SomeOldLady were a semi acoustic band operating from various smoke filled terraced houses in Lancaster at the start of the millennium. Based around the longstanding song writing partnership of Jennifer Clayton (vocals) and Kieran Hazell (guitar) the band had various members throughout its existence but when Lead guitarist Tim Gifford joined up along with viola player Jessica Bensted the line up became a solid formation that endured till the very end.
The members of SomeOldLady fought many battles in order to make their ‘art’: most notably a chronic lack of money and the extreme mood swings of their lead singer. They also fought constant temptation to spend valuable rehearsal time pissing around playing Oasis covers in four part harmonies and devising operatic versions of Radiohead songs. Many of their performances and rehearsals took place through a haze of chemicals which usually resulted in a general air of forgetfulness; be it lyrics, harmonies or, to hell with it; just entire songs. However, nothing was quite so problematic as the general ethos held by the band that anything that involved getting up before 3pm wasn’t worth doing, even if that thing was a sound check for a gig that would have paid £50 into the kitty.
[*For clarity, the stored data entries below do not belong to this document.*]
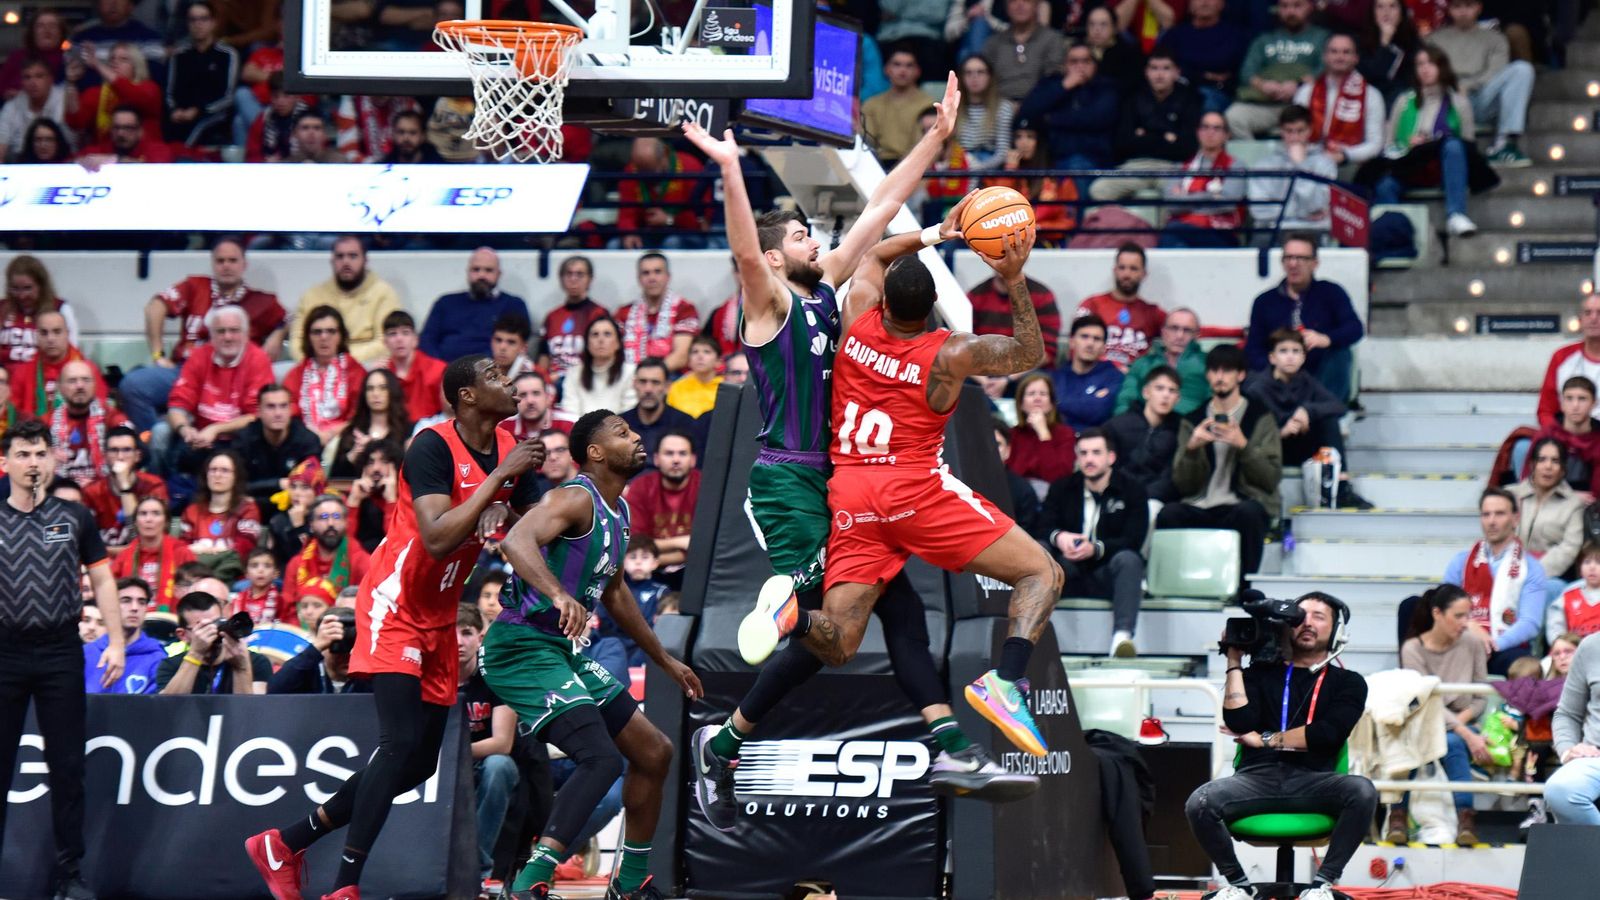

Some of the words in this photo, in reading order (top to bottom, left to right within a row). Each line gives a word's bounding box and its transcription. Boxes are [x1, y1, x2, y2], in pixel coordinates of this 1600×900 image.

[38, 186, 112, 205] ESP
[438, 187, 513, 206] ESP
[980, 208, 1029, 230] Wilson
[844, 335, 901, 379] CAUPAIN
[898, 362, 922, 385] JR.
[838, 400, 894, 455] 10
[889, 509, 917, 522] MURCIA
[439, 560, 461, 592] 21
[1035, 689, 1069, 715] LABASA
[6, 714, 443, 806] endes
[734, 739, 931, 798] ESP
[1001, 752, 1022, 774] LET'S
[1022, 752, 1037, 775] GO
[1037, 750, 1072, 775] BEYOND
[744, 801, 890, 819] OLUTIONS
All this resulted in SomeOldLady being considered by their friends (and handful of fans) as the underachievers of the Lancaster music scene. Yet most people would concede that when they showed up on time and had the sobriety and mental faculties to string a chord progression together they could actually bang out a decent tune and work a crowd.
Due to the above disorganisation and general slapdash attitude, a lot of the band’s material never got recorded. To this date, there are only 3 known pictures of the band in action and the recordings found here are the ‘highlights’ from their one and only rushed and very drunken recording session.
So all in all, this material is maybe an unfair representation of SomeOldLady and unfortunately many great songs, harmonies and riffs never got recorded (particularly the catalogue of cover versions we had a lot of fun reworking). However, another way of looking at the recorded material is to concede that it did, nevertheless, capture the spirit and ethos of the band. What shines through on the recordings is a group of musicians who are reasonably talented in a lazy kind of way. A band who are rough round the edges but happy to be playing together and with a few thousand more rehearsals and the purchase of an alarm clock might just have got somewhere
SomeOldLady performed and wrote together for four years (2000-2004) and disbanded amicably when the members gradually relocated after University and left for ‘proper jobs’ in offices, libraries and Schools. Kie and Jen still hang together and secretly plan in nerdy detail how to take over the world with their next band, one in which they actually, like, do stuff. They would never admit it to you in person, but ideas for writing ‘Radiohead the Opera’ still haunt them, as does the idea of being interviewed by the ghost of John Peel.
We hope you enjoy the songs of SomeOldLady in the spirit they were intended, as a bit of fun that might make you smile and hum along or at the very least raise your glass and have a drink to the band who enjoyed nothing better than a singalong over a roaring campfire and a bottle or two.